Key Highlights
- Merck KGaA reported Q1 net earnings of €669 million, representing a 9.4% year-over-year decline, yet delivered earnings per share of €2.11, surpassing analyst expectations of €1.99.
- Revenue decreased 2.8% to €5.13 billion, exceeding the consensus estimate of €5.09 billion.
- Management elevated its 2026 adjusted EBITDA forecast to a range of €5.7–€6.1 billion from the previous €5.5–€6.0 billion projection.
- The Electronics segment emerged as a key growth driver, fueled by robust demand for materials supporting AI and advanced computing applications.
- The anticipated arrival of generic versions of Mavenclad, a multiple sclerosis treatment, was postponed from March to May, providing additional revenue protection for the Life Science division.
Merck KGaA delivered first-quarter results on Wednesday that exceeded lowered expectations, sending shares up 8% to levels not seen in two months. While profitability declined year-over-year, the pharmaceutical and technology giant outperformed on both bottom-line and top-line metrics.
The company reported net earnings of €669 million, marking a 9.4% decrease compared to the prior-year quarter, translating to €2.11 per share — comfortably above the €1.99 consensus forecast. Revenue fell 2.8% to €5.13 billion, narrowly beating analyst projections of €5.09 billion. Currency fluctuations created headwinds, though core business momentum proved more resilient than anticipated.
Investors reacted positively to management’s decision to increase its full-year 2026 financial targets.
The revised adjusted EBITDA guidance now stands at €5.7 billion to €6.1 billion, an upgrade from the earlier €5.5 billion to €6.0 billion range. Revenue projections for the year were established at €20.4 billion to €21.4 billion. The outlook for organic sales growth was improved to 0%–3%, up from the previous -1% to 2% forecast.
Electronics Segment Shines Bright
Merck’s Electronics division delivered an impressive quarterly performance. Strong demand for specialized materials used in cutting-edge semiconductor manufacturing — especially those supporting AI infrastructure and high-performance computing applications — generated robust revenue growth.
While this trend has been building for some time, the ongoing AI boom continues to provide sustained momentum for this business unit.
Adjusted EBITDA for the first quarter reached €1.53 billion, declining only 0.3% and significantly exceeding the analyst consensus of €1.46 billion.
Life Science Receives Reprieve
The Life Science segment also delivered results that topped forecasts. Sales increased 8.3% on a currency-adjusted basis, partially attributed to one customer establishing a new distribution facility and others building inventory buffers amid supply chain challenges stemming from the Iran conflict.
Merck had earlier cautioned that revenues from Mavenclad, its multiple sclerosis medication, would face pressure starting in March when generic alternatives entered the U.S. market. This timeline has since been extended to May, providing the division with several additional weeks of uncontested sales.
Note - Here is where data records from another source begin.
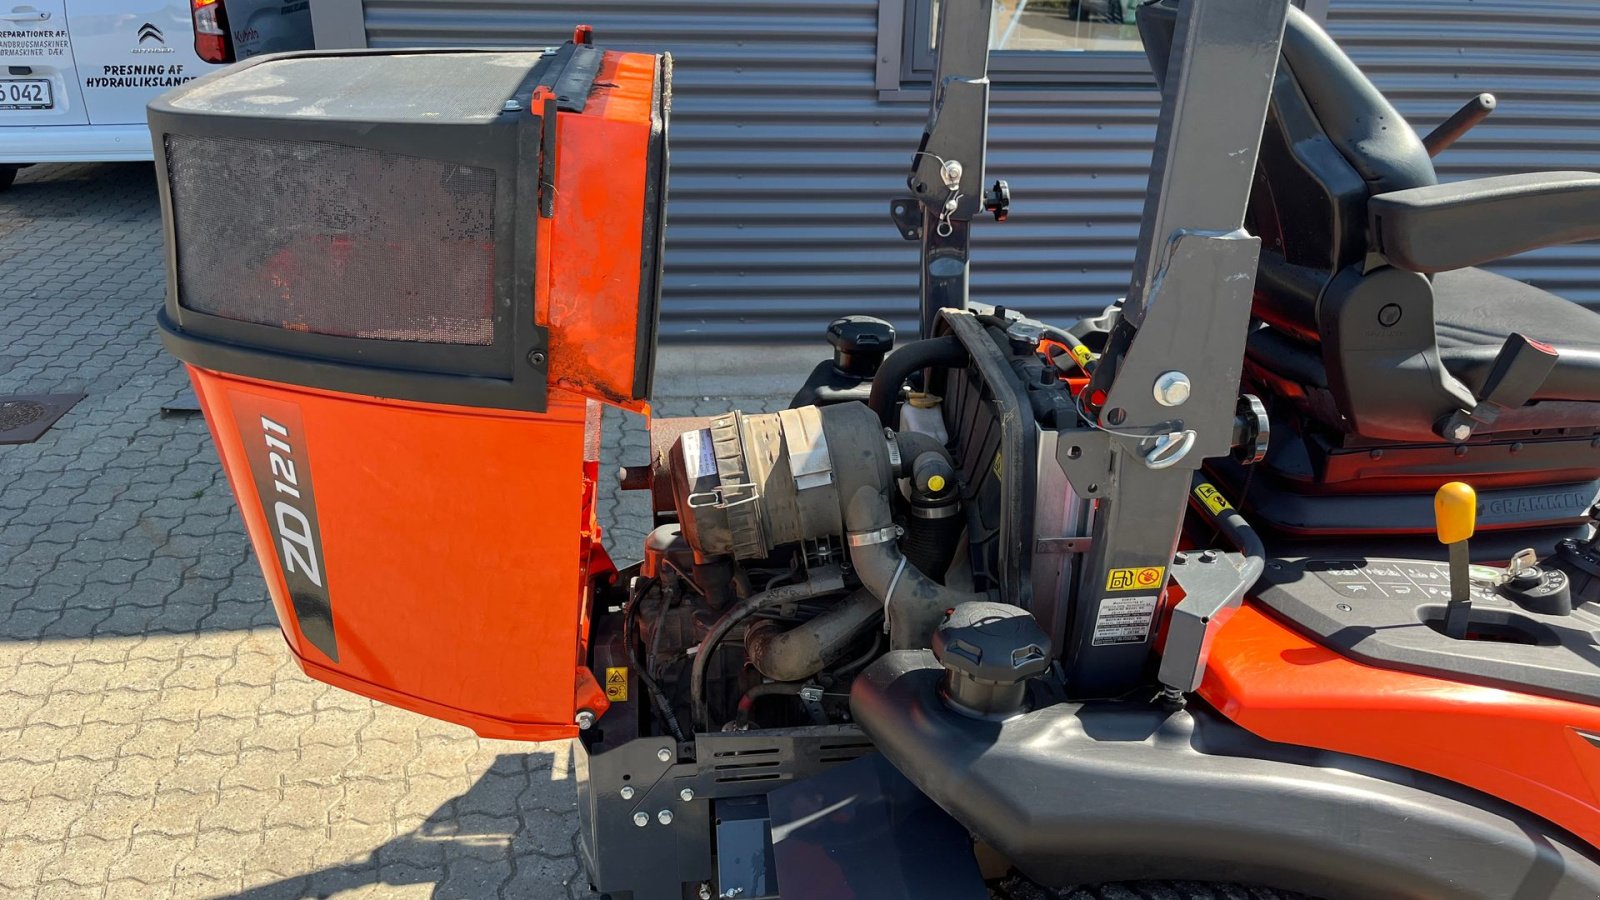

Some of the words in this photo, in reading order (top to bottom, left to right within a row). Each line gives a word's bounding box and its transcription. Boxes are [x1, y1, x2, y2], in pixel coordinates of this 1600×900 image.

[103, 65, 165, 75] PRESNING
[168, 65, 183, 75] AF
[10, 84, 43, 102] 042
[261, 416, 300, 498] 1211
[1490, 493, 1585, 514] GRAMMER
[274, 501, 322, 587] ZD
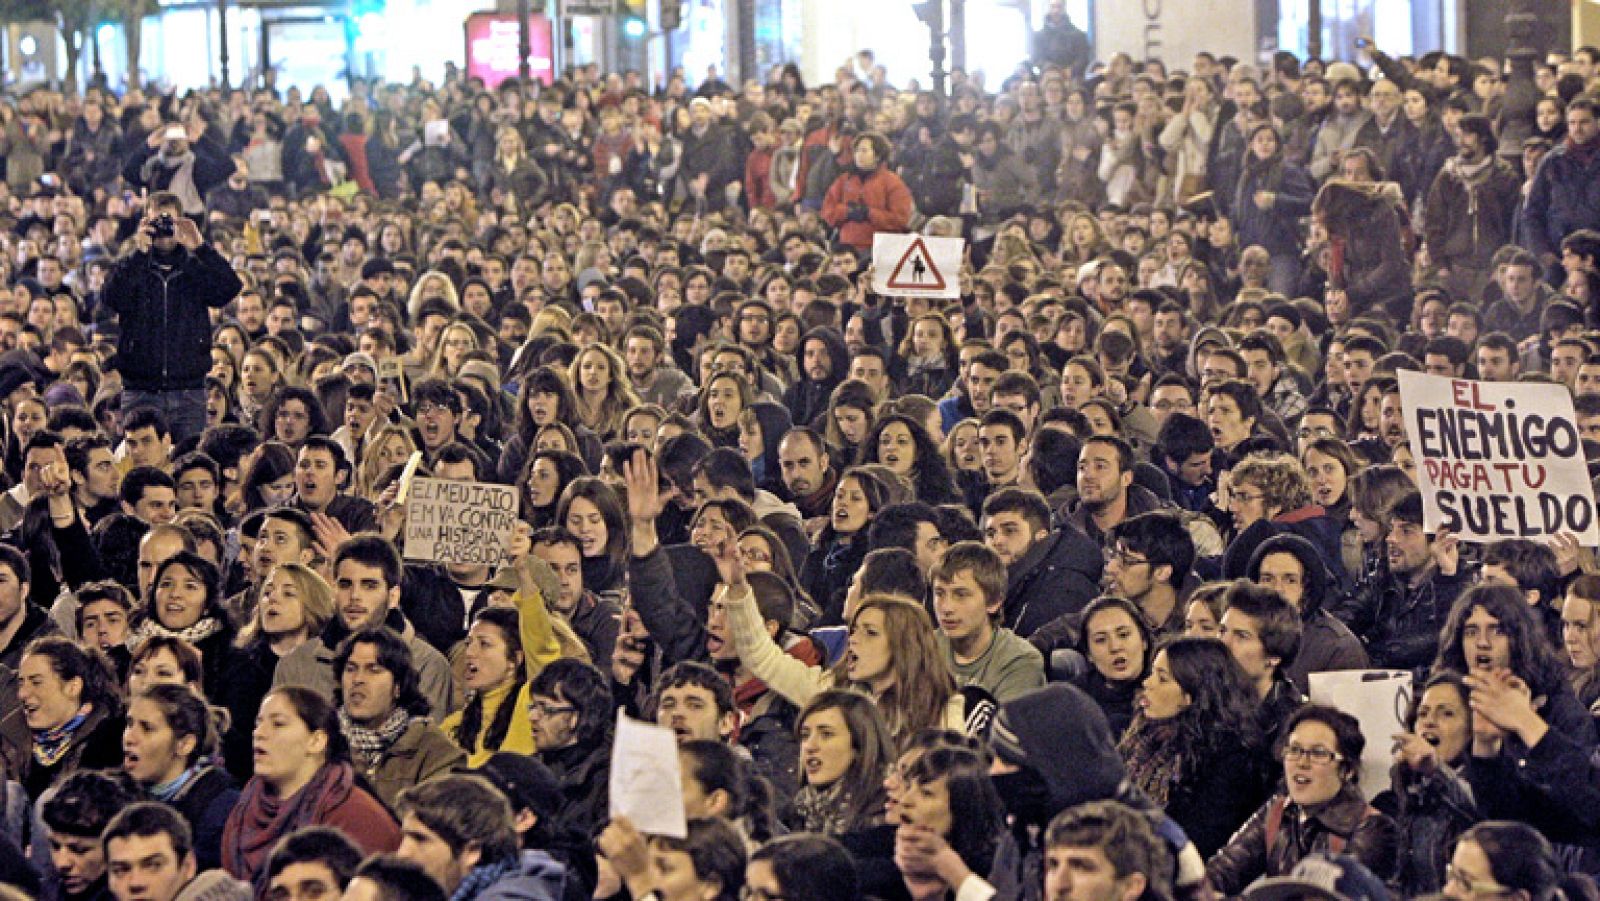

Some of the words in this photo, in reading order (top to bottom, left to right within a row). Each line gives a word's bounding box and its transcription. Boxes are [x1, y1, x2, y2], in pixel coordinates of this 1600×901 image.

[1451, 380, 1496, 412] EL
[1423, 459, 1492, 492] PAGA
[1493, 463, 1547, 491] TU
[412, 481, 432, 499] EL
[435, 484, 469, 503] MEU
[410, 503, 434, 523] EM
[439, 504, 455, 523] VA
[458, 507, 516, 531] CONTAR
[1436, 490, 1592, 536] SUELDO
[408, 527, 433, 539] UNA
To compensate for eventual Mavenclad revenue erosion, the company is banking on treatments for uncommon cancers obtained through its $3.9 billion acquisition of SpringWorks Therapeutics completed last year.
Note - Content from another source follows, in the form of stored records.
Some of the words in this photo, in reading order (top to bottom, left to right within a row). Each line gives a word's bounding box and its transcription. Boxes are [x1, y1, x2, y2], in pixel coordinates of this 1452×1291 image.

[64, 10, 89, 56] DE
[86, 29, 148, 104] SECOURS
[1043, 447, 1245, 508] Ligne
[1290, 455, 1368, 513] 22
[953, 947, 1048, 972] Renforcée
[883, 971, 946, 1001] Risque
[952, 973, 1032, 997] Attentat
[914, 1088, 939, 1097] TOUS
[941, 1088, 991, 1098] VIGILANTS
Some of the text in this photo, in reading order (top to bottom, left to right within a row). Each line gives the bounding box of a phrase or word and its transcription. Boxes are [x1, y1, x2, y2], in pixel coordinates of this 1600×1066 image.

Morgan Stanley analyst Thibault Boutherin indicated he anticipates Merck will outperform peers following the strong Q1 showing, noting that implied full-year figures, incorporating improved foreign exchange conditions, point to roughly 1% upside versus consensus EBITDA and EPS projections.
These results also represent an encouraging start for newly appointed CEO Kai Beckmann, who was elevated from his previous role leading the electronics business earlier this month.
Organic earnings per share guidance was upgraded to €7.50–€8.20 from €7.10–€8.00, while the EBITDA organic growth outlook improved to -2% to 2% from the earlier -4% to 1% range.